Task directions: The answer must be every line from the entries below that contains "FROZEN".

Supplied data:
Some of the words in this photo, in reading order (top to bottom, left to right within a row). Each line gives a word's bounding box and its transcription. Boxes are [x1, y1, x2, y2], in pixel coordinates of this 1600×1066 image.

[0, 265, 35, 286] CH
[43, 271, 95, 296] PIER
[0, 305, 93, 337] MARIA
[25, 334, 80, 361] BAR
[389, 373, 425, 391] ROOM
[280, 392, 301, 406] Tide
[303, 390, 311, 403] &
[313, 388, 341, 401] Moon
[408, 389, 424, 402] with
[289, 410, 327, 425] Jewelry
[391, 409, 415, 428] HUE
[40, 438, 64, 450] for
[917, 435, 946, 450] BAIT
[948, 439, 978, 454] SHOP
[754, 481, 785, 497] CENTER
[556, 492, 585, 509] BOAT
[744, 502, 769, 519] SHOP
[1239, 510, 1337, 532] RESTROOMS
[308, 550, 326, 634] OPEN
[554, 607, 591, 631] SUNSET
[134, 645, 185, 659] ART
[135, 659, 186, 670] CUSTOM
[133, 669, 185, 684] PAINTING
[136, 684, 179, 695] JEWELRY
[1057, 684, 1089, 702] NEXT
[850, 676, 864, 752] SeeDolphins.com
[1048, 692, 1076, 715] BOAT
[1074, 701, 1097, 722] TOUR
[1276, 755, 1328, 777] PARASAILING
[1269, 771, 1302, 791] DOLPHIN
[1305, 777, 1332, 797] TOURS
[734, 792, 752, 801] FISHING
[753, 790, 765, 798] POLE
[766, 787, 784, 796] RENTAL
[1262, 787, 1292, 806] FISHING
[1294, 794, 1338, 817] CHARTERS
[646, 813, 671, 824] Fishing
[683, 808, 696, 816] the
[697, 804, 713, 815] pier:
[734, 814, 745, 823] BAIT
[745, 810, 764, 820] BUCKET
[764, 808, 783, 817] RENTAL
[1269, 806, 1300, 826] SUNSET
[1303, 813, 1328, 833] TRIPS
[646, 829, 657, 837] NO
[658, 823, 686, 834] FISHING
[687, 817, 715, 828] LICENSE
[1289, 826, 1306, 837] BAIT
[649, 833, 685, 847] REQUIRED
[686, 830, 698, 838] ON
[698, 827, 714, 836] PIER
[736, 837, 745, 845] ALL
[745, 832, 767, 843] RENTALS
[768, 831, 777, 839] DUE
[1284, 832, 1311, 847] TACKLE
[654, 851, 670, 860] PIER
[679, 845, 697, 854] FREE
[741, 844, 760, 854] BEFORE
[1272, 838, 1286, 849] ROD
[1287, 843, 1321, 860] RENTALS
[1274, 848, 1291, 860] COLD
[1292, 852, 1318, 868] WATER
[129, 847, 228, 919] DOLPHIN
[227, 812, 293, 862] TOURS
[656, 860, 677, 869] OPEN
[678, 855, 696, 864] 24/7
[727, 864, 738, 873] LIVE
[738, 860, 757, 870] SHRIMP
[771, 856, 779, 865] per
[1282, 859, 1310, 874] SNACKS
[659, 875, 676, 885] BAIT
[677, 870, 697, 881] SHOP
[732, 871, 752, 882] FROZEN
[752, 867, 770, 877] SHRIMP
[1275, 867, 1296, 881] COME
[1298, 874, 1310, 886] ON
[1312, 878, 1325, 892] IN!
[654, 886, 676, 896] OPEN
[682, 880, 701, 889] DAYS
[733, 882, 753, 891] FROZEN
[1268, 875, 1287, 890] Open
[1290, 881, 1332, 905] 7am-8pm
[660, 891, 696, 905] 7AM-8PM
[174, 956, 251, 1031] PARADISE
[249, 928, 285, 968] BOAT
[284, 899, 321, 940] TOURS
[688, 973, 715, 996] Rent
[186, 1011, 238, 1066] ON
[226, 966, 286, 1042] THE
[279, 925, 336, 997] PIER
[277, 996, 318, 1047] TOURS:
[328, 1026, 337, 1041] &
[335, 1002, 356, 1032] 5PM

The answer:
[732, 871, 752, 882] FROZEN
[733, 882, 753, 891] FROZEN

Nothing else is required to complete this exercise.